Simon woke up around 7am, per usual. I convinced him to stay in our bed for MAYBE 15 minutes before finally dragging myself downstairs to get the coffee going. Sitting in front of Ol’ Faithful (coffee maker) was a pretty potted flower, two cards (one from Gabe, one from Simon) and a package of chocolate covered pretzels (my favorite). It was quite sweet.
Simon then had a bottle and his breakfast (Cheerios and bananas). And then Gabe made me pancakes and bacon (mmmmm bacon) before I headed off to work.
And I’m going to refrain from grumbling about having to work on Mothers’ Day because I imagine many many mothers in the world work on this pseudo holiday. It was cold out anyways, so I wouldn’t have done much of anything if I were working so blah, whatever.
I came home, we made a lasagna and garlic bread, and then Gabe went on a DQ run to get me a Snickers blizzard. Mmmmmm tasty treat. I’d been craving a blizzard for several days now. He also did the laundry. 🙂
But perhaps my favorite “present” of all this year were the pictures that my Aunt Vicki sent me from our most recent visit with my Pap.
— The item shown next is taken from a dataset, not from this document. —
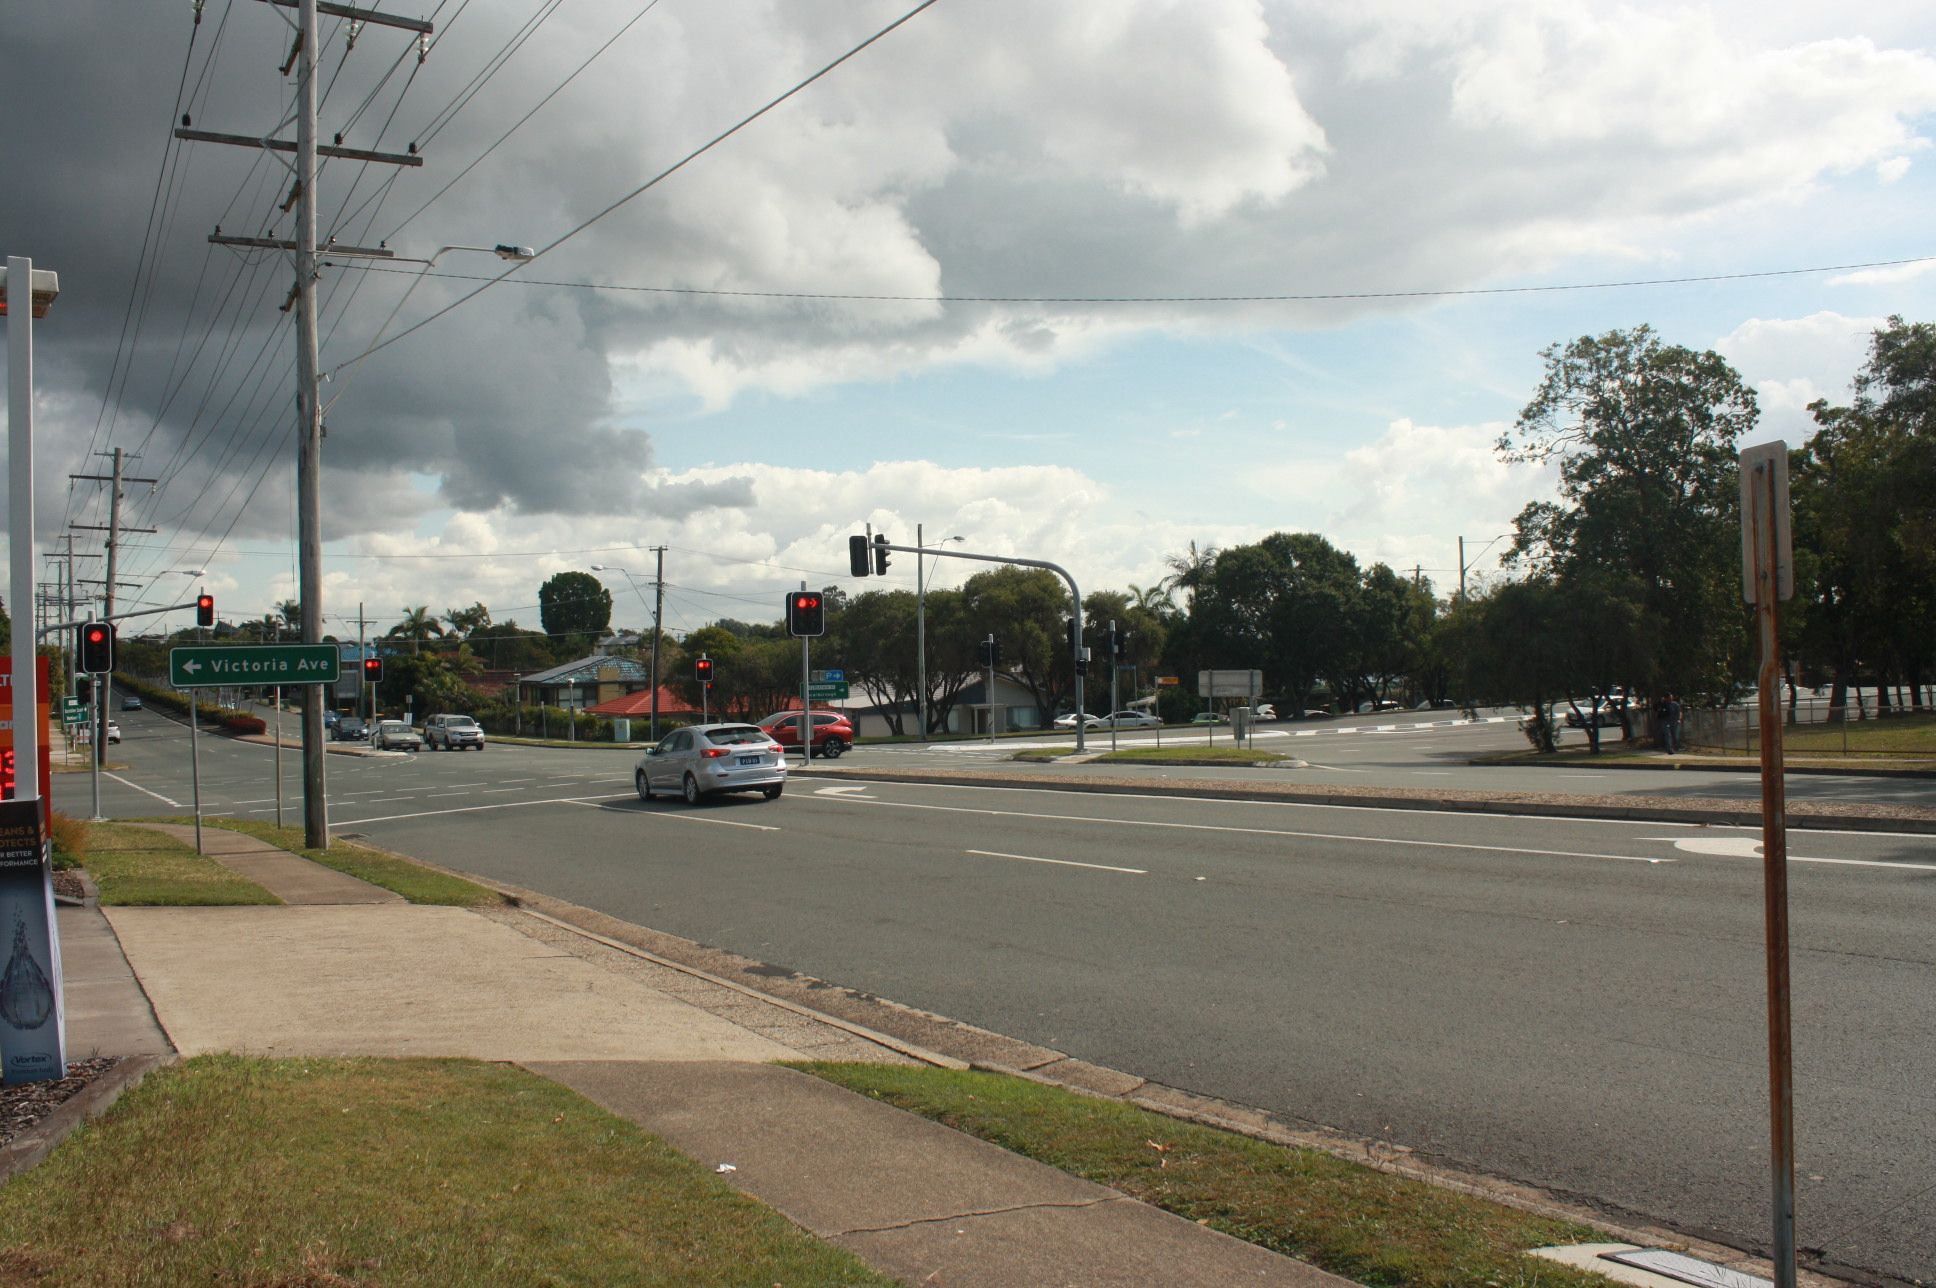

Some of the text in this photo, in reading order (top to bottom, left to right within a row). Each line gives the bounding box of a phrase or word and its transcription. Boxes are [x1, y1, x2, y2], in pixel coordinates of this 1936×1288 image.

Simon loved my grandpa’s mustache and was playing with it in these pictures.
It’s hard to say what being a mom feels like. Mostly I’d say that it’s not at all what I expected. Sometimes I don’t feel like “a mom” at all- but I know that I am, and I love my son more than life. But it’s strange. Sometimes I don’t feel “old enough” to be a mom. And other times I feel like I’m the same as I’ve always been- like I’m just a REALLY big sister. I don’t know how to explain it. All I know is that I used to say, “Being a mom will be the best thing I ever do…” and I meant that in the way that I would try the hardest at that job. I meant that I would work the hardest to be a good mom, a fun mom, and most importantly, the kind of mom that my own mom was in the way that I reassure my kid that I love them. My kids would always know I love them. And I think I’m doing that so far.
I do know that being a mom also means I am on the receiving end of the biggest “fits”, the crankiest hours, the loudest shrieks and the angriest baby looks. I don’t take offense, I know that boy “has my number” and works it accordingly. It’s his job to do that, to test that. Being a mom is as hard, harder, and not as hard, as I thought it would be…all at once. What’s most surprising to me is how splendidly natural it all seems to come. I hope that means I’m doing alright. At least I know I’m doing my best- that’s all a person can do.
Here’s to all the wonderful moms and not-moms, and all people in this world who care enough about other people in their lives that it aches a little bit when you love them that hard. Happy happy day to us all.
And I’m ending mine with some wine. 🙂 Cheers!